Michelle Obama didn’t hold anything back during a candid sit down with Gayle King over the weekend at Essence Fest. Besides discussing healthy living and her memoir Becoming, the former FLOTUS also spoke about looking forward to having a house without teenagers soon.

“Barack’s like ‘You seem so much less  stressed,’ and I’m like, duh! Not only were we parenting teenagers, but every Saturday night you had to worry about whether your kid is gonna end up on Page Six,” Obama told King. “Now we’re rediscovering each other. I’m looking over and going ‘Hey…you, where have you been for 21 years?!’”

King even asked the Chitown native about her take on having great sex at every age, which she said she isn’t opposed to at all.

“Yes. I support that principle,” she laughed. “I mean, come on Gayle! What I’m ‘sposed to say to that? ‘No, I take issue with that?’ Yes, Gayle, the answer is yes!”

Mrs. Obama also gave invaluable advice on how to find the right partner. She said the most important factor in sustaining a healthy relationship is equality.

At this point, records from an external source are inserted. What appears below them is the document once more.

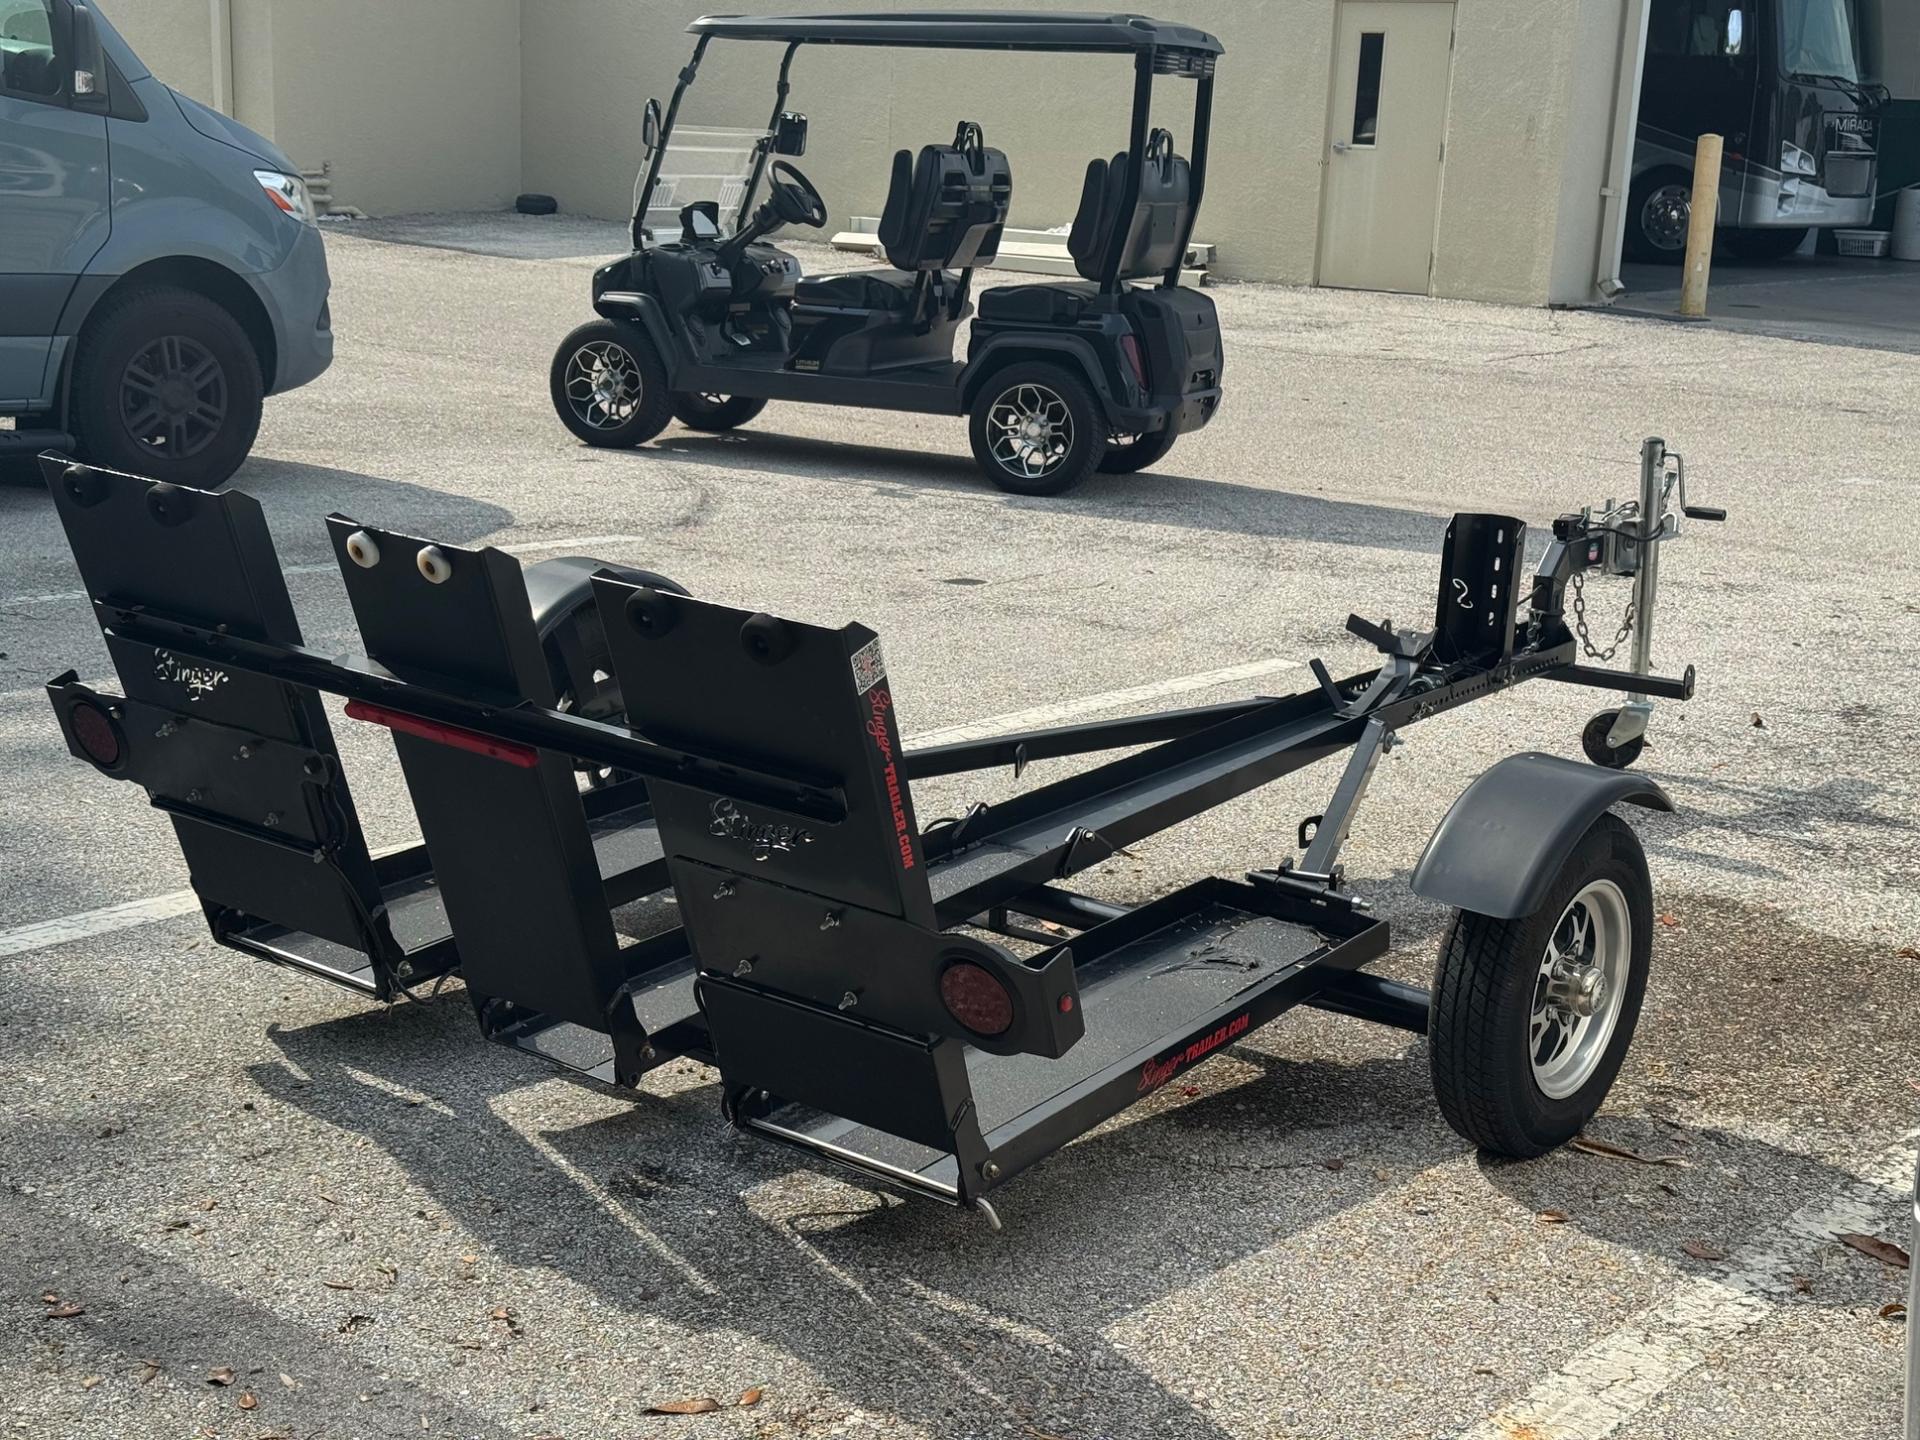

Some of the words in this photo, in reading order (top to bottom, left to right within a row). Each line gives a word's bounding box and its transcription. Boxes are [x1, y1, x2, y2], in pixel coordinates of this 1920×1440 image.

[154, 647, 229, 701] Stinger
[867, 688, 892, 763] Stinger
[884, 761, 914, 870] TRAILER.COM
[709, 797, 815, 861] Stinger
[1185, 1013, 1249, 1063] TRAILER.COM
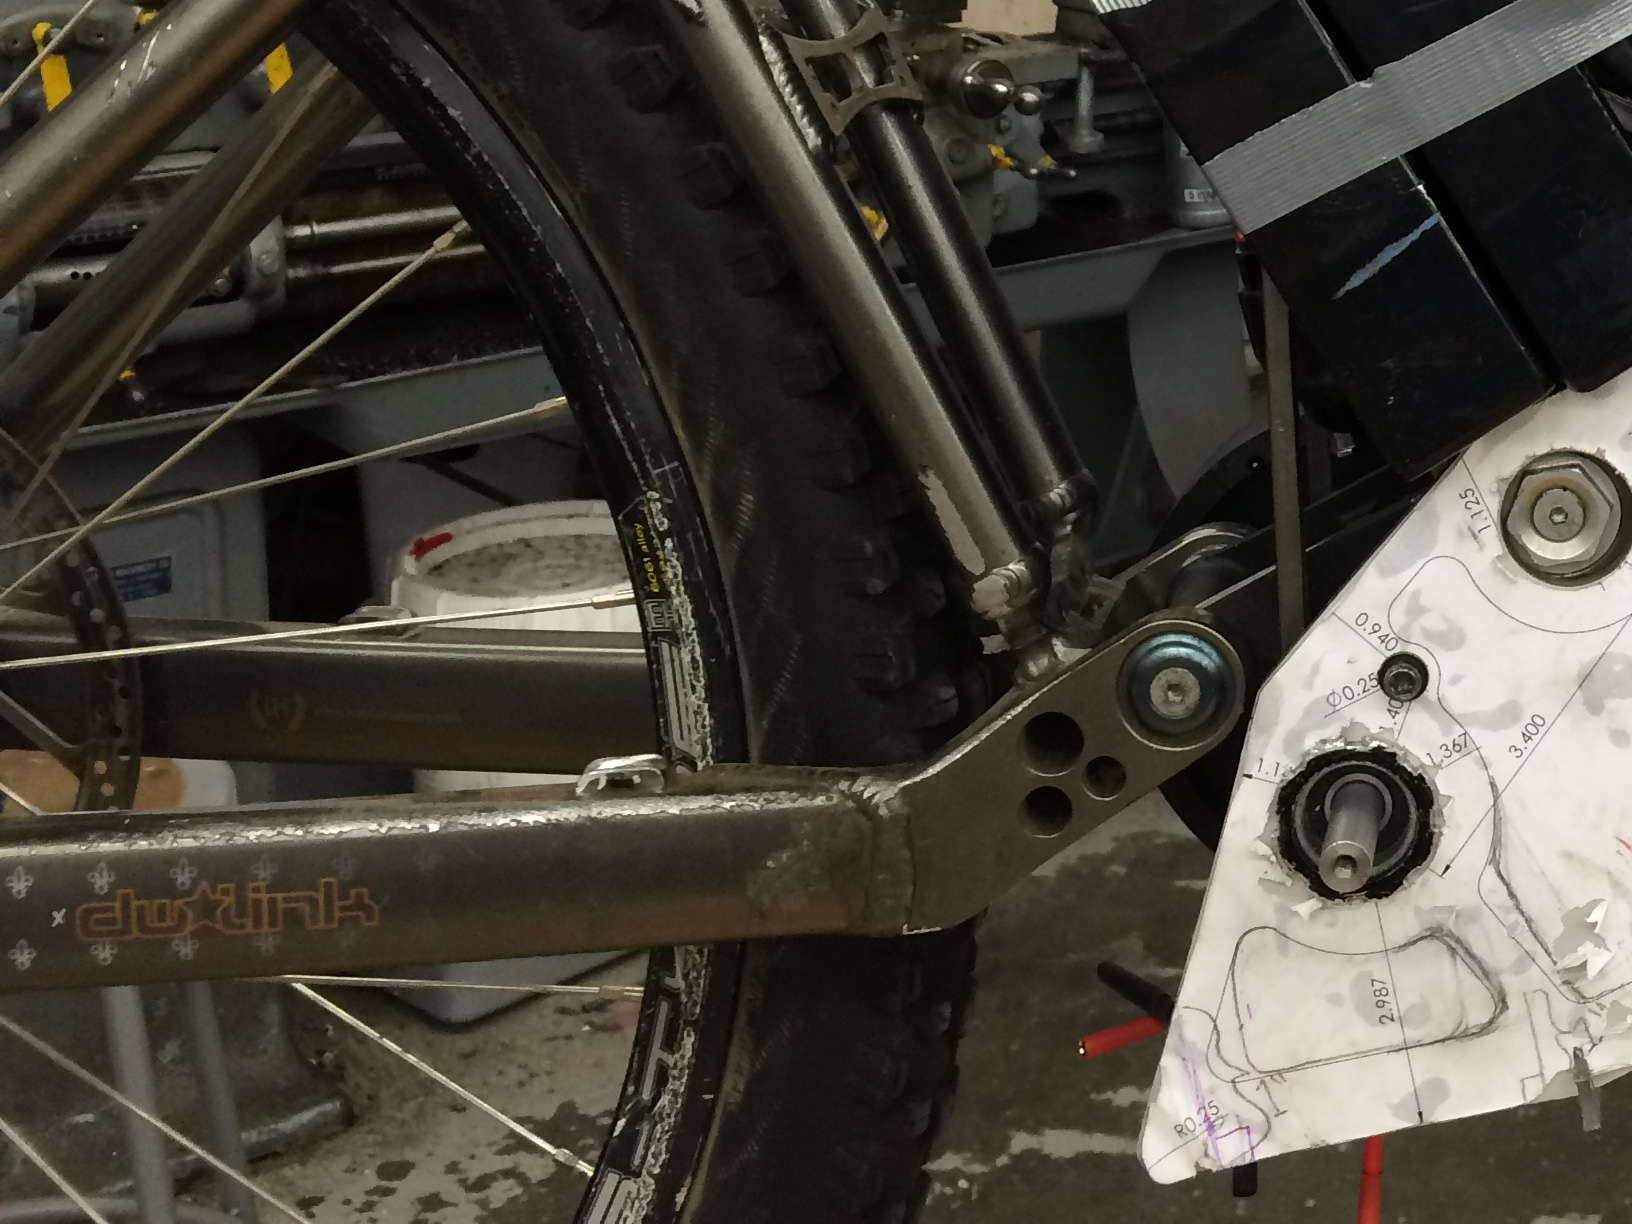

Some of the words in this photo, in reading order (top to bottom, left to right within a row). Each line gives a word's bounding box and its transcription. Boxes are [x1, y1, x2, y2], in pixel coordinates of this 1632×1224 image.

[1459, 487, 1492, 535] 1.125
[633, 522, 650, 554] alloy
[1354, 611, 1400, 652] 0.940
[1507, 712, 1547, 760] 3.400
[1370, 978, 1396, 1026] 2.987
[1173, 1099, 1221, 1139] R0.25
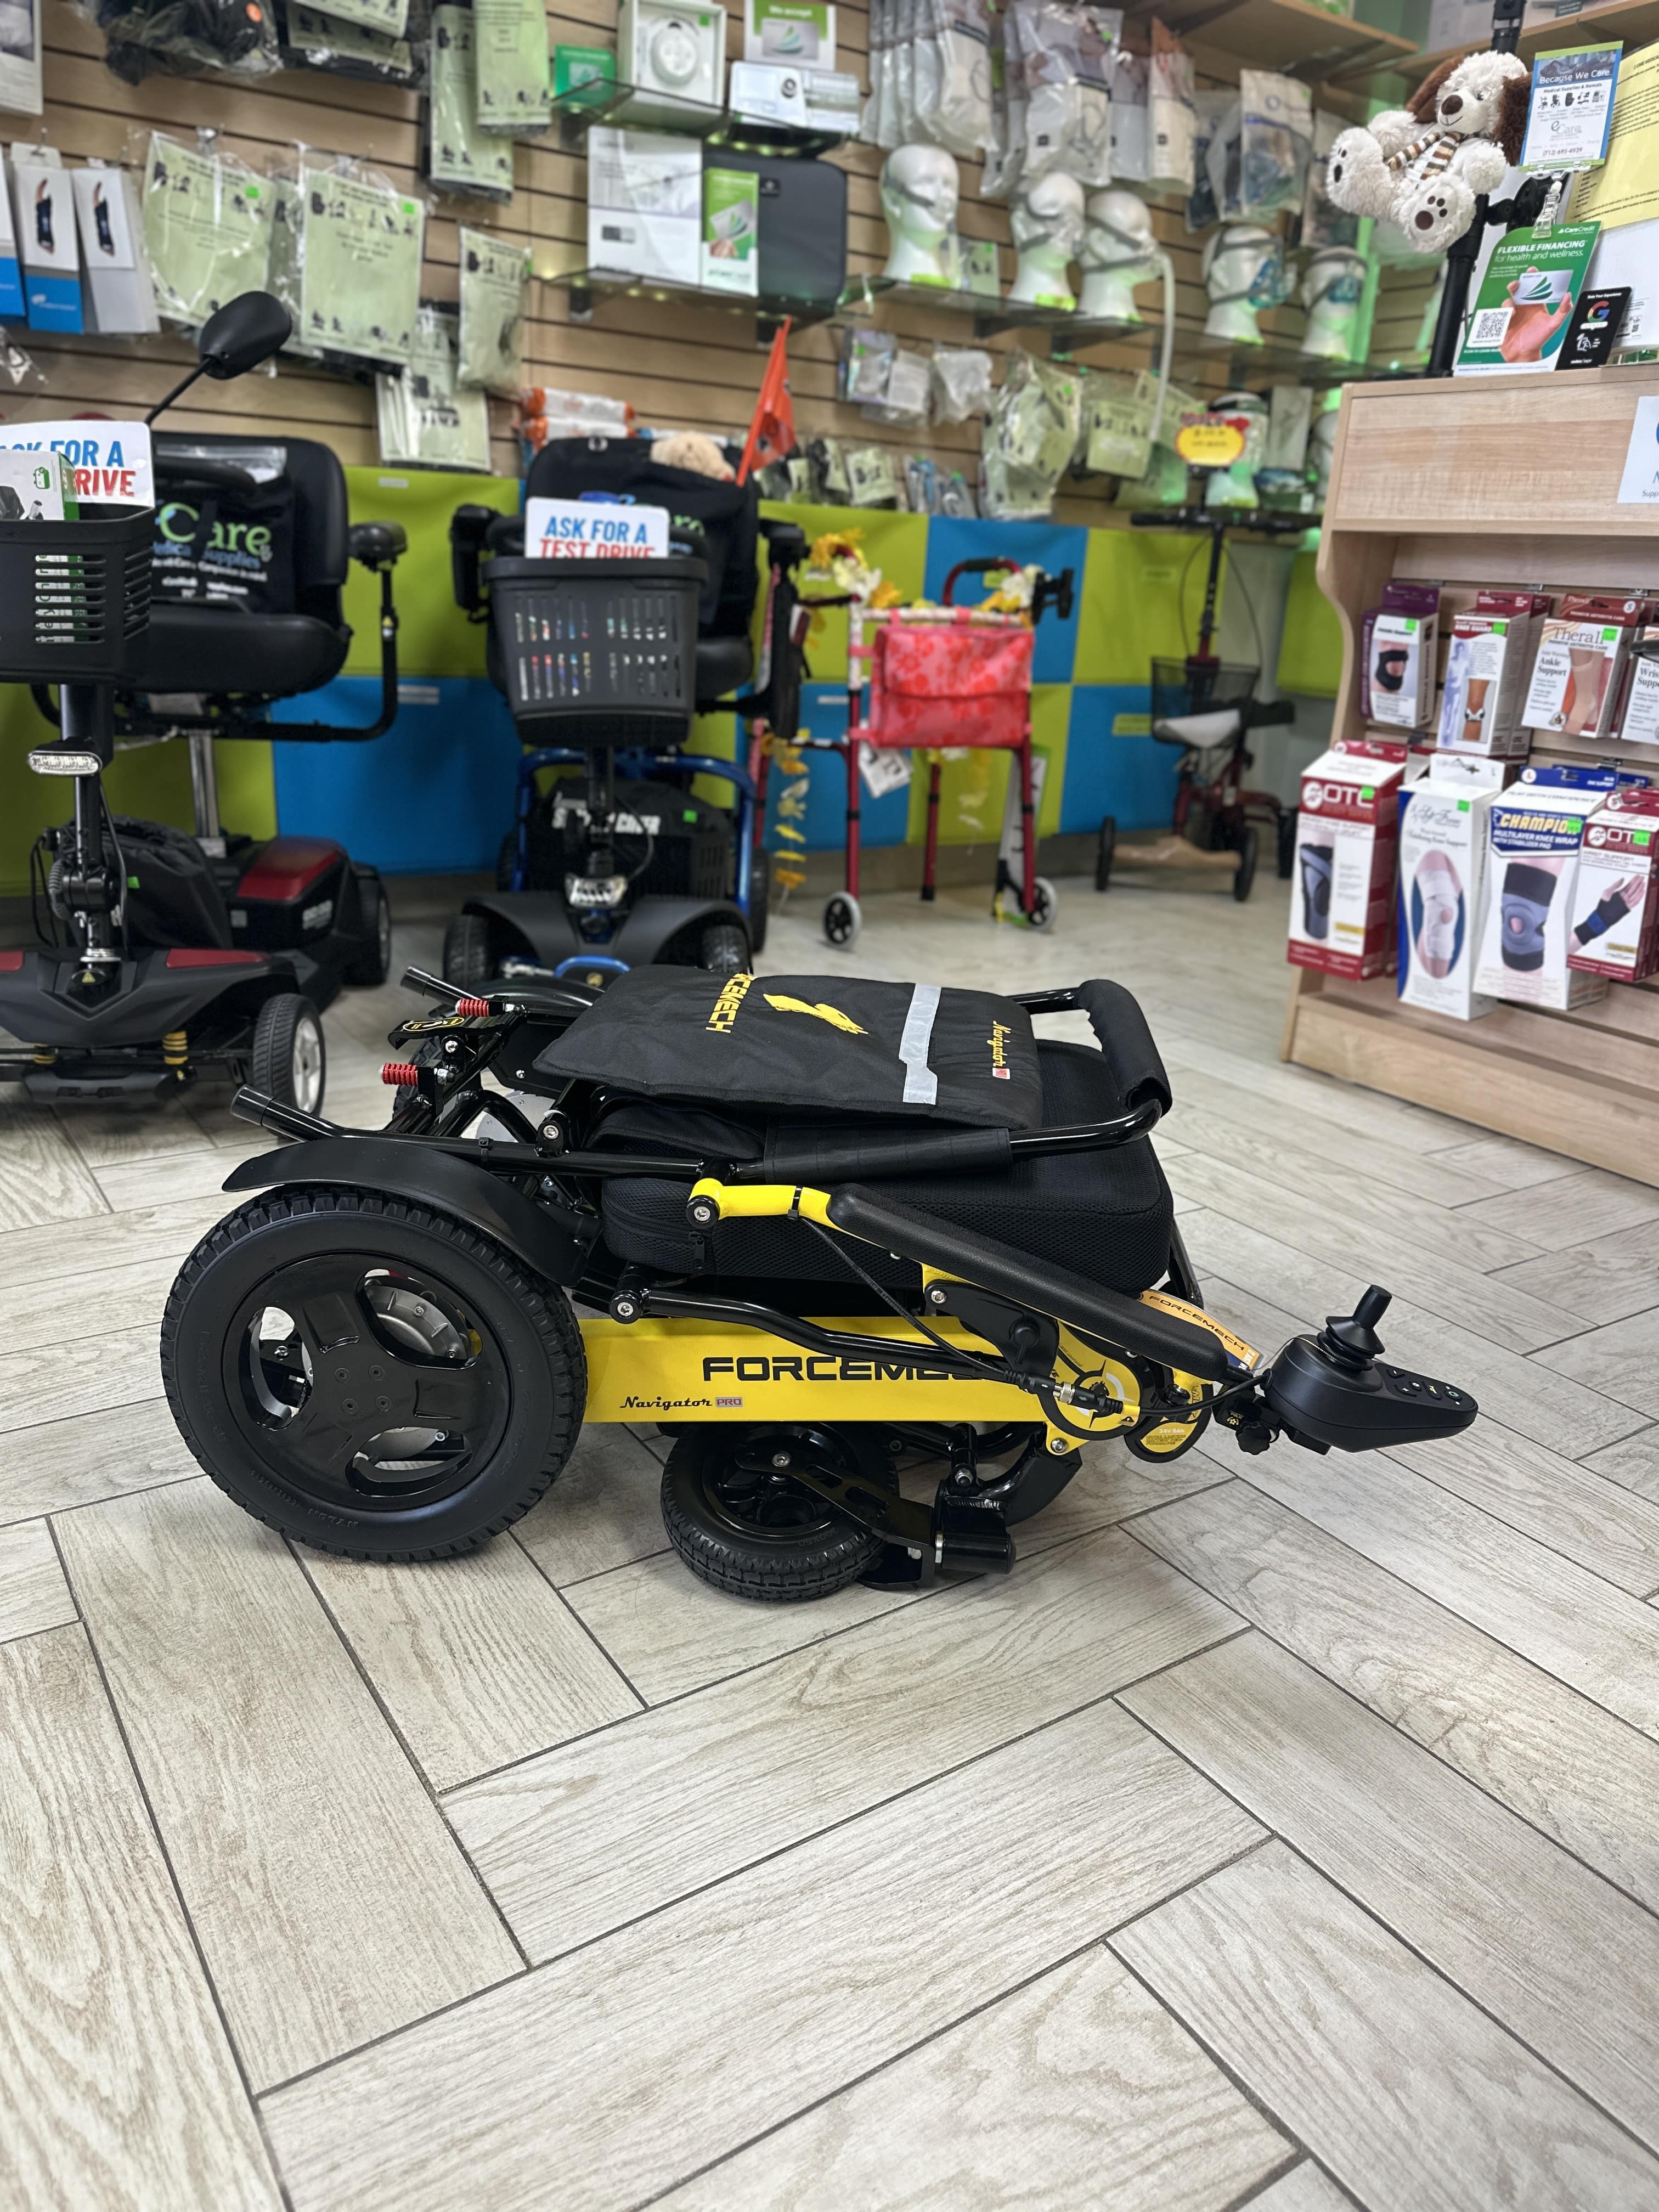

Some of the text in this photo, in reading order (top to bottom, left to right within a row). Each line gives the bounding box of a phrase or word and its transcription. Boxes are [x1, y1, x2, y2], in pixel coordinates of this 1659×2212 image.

[1539, 74, 1573, 84] Because
[1576, 71, 1589, 80] We
[1591, 69, 1610, 77] Care
[1565, 225, 1595, 233] CareCredit
[1494, 249, 1584, 263] for health and wellness.
[1497, 240, 1586, 254] FLEXIBLE FINANCING
[106, 441, 124, 467] A
[75, 469, 136, 496] RIVE
[158, 502, 271, 557] Care
[545, 516, 647, 544] ASK FOR A
[540, 538, 591, 558] TEST
[1537, 665, 1566, 676] Support
[1539, 657, 1561, 667] Ankle
[1640, 667, 1659, 679] Wris
[1323, 783, 1374, 809] OTC
[1499, 813, 1578, 835] CHAMPIO
[1493, 829, 1578, 845] MULTILAYER KNEE WRAP
[1607, 828, 1650, 846] OT
[986, 1020, 1012, 1067] Navigator
[1149, 1295, 1245, 1351] FORCEMECH
[702, 1356, 983, 1381] FORCEME
[620, 1396, 742, 1410] Navigator PRO

“Equality is not just measured in terms of the wallet. Equality is in terms of the value that they carry. Honesty is the beginning, the middle, and the end. I wouldn’t want to be bothered with someone I couldn’t trust on a day-to-day basis. It’s not just about how much money they make or title. Someone could have the right salary, but the wrong heart.”

Not only did drop some gems, she looked stunning! She rocked her natural curls and slayed in a navy blue, belted, shimmery jumpsuit.